How exciting for the Dresser to share with Carl Banner's Washington Musica Viva the experience of a first concert held February 18, 2011, in the spacious and esthetically pleasing Kramer Gallery & Music Room of the Silver Spring, Maryland Civic Building. The program entitled "Five Episodes" focused on the world premiere of a five movement atonal composition for clarinet and piano that was written by John Stephens for clarinetist Ben Redwine. The hour-long program offered an interesting path into and out of the new work that was, quite frankly, a challenging piece to listen to and understand.
Opening the program, Banner began with his own arrangement of Mozart's playful "Sonata in F, K. 376." This allowed for violinist Kathy Judd and pianist Carl Banner to be joined successfully by clarinetist Ben Redwine. The Dresser felt the choice suitably welcomed in the 50-60 people who attended the concert.

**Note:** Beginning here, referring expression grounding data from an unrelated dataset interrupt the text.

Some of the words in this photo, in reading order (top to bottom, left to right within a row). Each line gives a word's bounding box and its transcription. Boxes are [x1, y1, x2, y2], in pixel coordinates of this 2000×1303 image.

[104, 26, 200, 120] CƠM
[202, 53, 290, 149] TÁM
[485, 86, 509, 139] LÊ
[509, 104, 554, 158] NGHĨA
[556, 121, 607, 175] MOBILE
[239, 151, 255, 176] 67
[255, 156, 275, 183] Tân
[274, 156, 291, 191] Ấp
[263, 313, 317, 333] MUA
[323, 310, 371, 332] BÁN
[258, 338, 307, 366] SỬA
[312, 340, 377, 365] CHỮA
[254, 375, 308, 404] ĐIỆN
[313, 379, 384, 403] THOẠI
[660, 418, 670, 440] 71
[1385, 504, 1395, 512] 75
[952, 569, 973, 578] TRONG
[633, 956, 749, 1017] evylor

Next came William Bolcom's jazzy "Little Suite of Four Dances (1984)." This composition for E flat clarinet and piano with its four dances--Rag, Apache-Jungle, Quasi-Waltz, and Soft Shoe--provided a range of comic and moody seriousness. "Rag" spoke to the Dresser like a man who was tipsy on booze. "Apache-Jungle" squealed and simpered while showing off with intricate repetitions. "Quasi-Waltz" offered a laconic waltz that transported the Dresser to La Boca in Buenos Aires. "Soft Shoe" seemed like a flirtation between Fred Astaire and Ginger Rogers. In many ways, Bolcom's piece was a good lead into "Five Episodes."

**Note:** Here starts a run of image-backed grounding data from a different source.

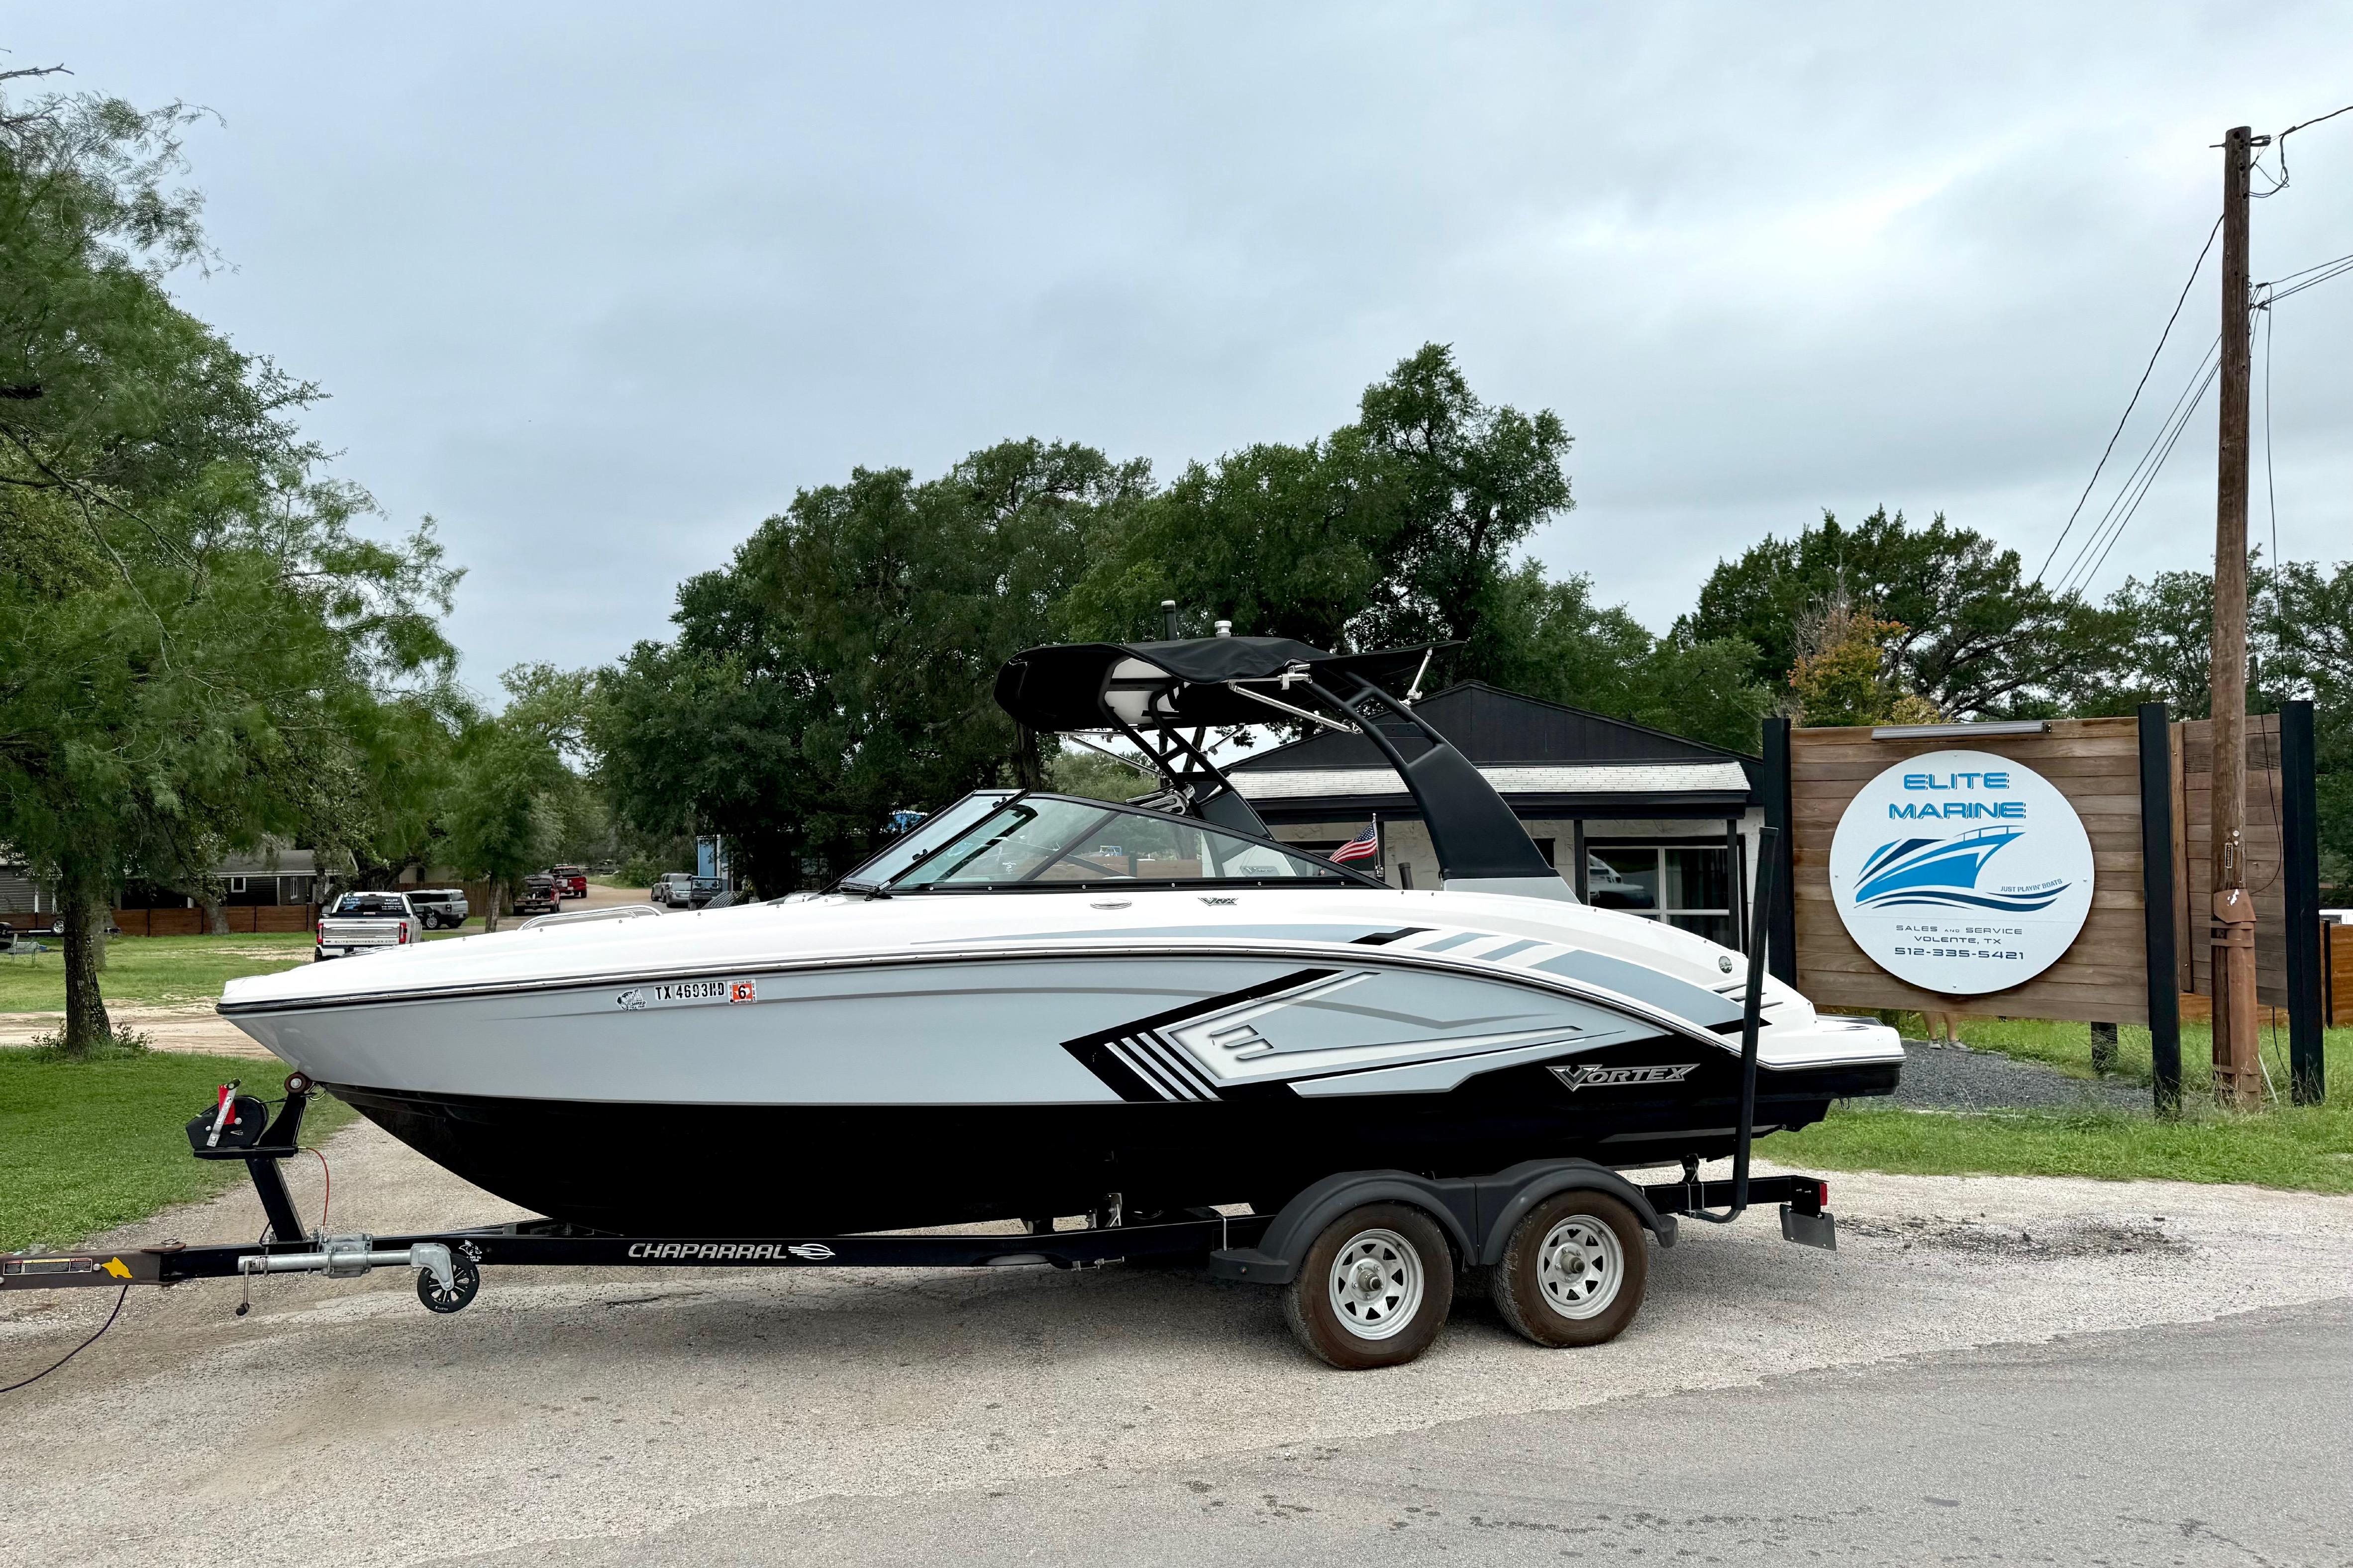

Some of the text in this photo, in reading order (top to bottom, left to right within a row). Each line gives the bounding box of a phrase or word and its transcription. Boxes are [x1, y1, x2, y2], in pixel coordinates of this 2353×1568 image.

[1904, 772, 2009, 790] ELITE
[1889, 801, 2026, 819] MARINE
[2042, 879, 2062, 889] BOATS
[1914, 936, 1979, 944] VOLENTE,
[1895, 947, 2024, 960] 512-335-5421
[655, 985, 672, 1000] TX
[676, 982, 724, 998] 4693HD
[738, 985, 746, 999] 6
[1545, 1063, 1701, 1092] VORTEX
[628, 1243, 787, 1259] CHAPARRAL

Composer John Stephens introduced "Five Episodes" by saying his new work for clarinet and piano requires more than one hearing. Memorably, "Fast" (first movement) began with an elongated blast from the clarinet. "Lento expressivo" (second movement) subtly began with a low pitch note from the clarinet that sounded like a tugboat moving closer, maybe in fog. It was a melancholic and mysterious landscape of sound. The third movement "Moderato (a Ballata)" sounded Impressionistic. "Very Slow" offered a quiet, lower pitched sound from the "Moderato." "Very Quick" offered an ascending scale. Carl Banner said of "Five Episodes" that its block chords gave him a new appreciation for how to play Brahms.
Closing the program was "Trio (1996)" by Gian Carlo Menotti. This three-movement piece--Capriccio, Romanza, and Envoi--was for piano, violin, and clarinet. The work offered call and response voices that reminded the Dresser of music used with silent films ("Capriccio"), a dreamscape ("Romanza"), and lively counterpoint ("Envoi").
There was lots of variety in this engaging program delivered with passion from all three musicians. Chamber music concerts are a good way to restore tranquility in a stressful world. In René Char's poem "Pourquoi la Journée Vole" as translated by Nancy Naomi Carlson, one can experience the ebb and flow of passion and of breath in much the same way that Carl Banner had programmed Washington Musica Viva concert "Five Episodes."
WHY THE DAY STEALS BY
The poet leans on some tree, or sea, or slope, or cloud of
a certain hue for a moment during his life, if circumstance
smoothes the road. He's not welded to others' confusion. His
love, his grasp, his joy have their match in all places he's never
been, nor will ever go, in strangers he'll never know. When
they ply him with prizes--those that would bind--and praise
him with voices raised, invoking the stars, he responds that
he comes from the country next door, from the sky just now
The poet gives life then runs to the plot's dénouement.
At night, despite dimples in cheeks like a novice, he cuts short
his goodbyes--polite passerby--to be there when the bread
leaves the oven.
translation by Nancy Naomi Carlson
from Stone Lyre: Poems of René Char
POURQUOI LA JOURNÉE VOLE -
Le poète s'appuie, durant le temps de sa vie, à quelque arbre, ou mer, ou talus,
ou nuage d'une certaine teinte, un moment, si la cironstance le veut. Il n'est
pas soudé à l'égarement d'autrui. Son amour, son saisir, son bonheur ont leur
équivalent dans tous les lieux où il n'est pas allé, où jamais il n'ira, chez les
étrangers qu'il ne connaîtra pas. Lorsqu'on élève la voix devant lui, qu'on le
presse d'accepter des égards qui retiennent, si l'on invoque à son propos les
astres, il répond qu'il est du pays d'à côté, du ciel qui vient d'être englouti.
Le poète vivifie puis court au dénouement.
Au soir, malgré sur sa joue plusieurs fossettes d'apprenti, c'est un passant courtois
qui brusque les adieux pour être là quand le pain sort du four.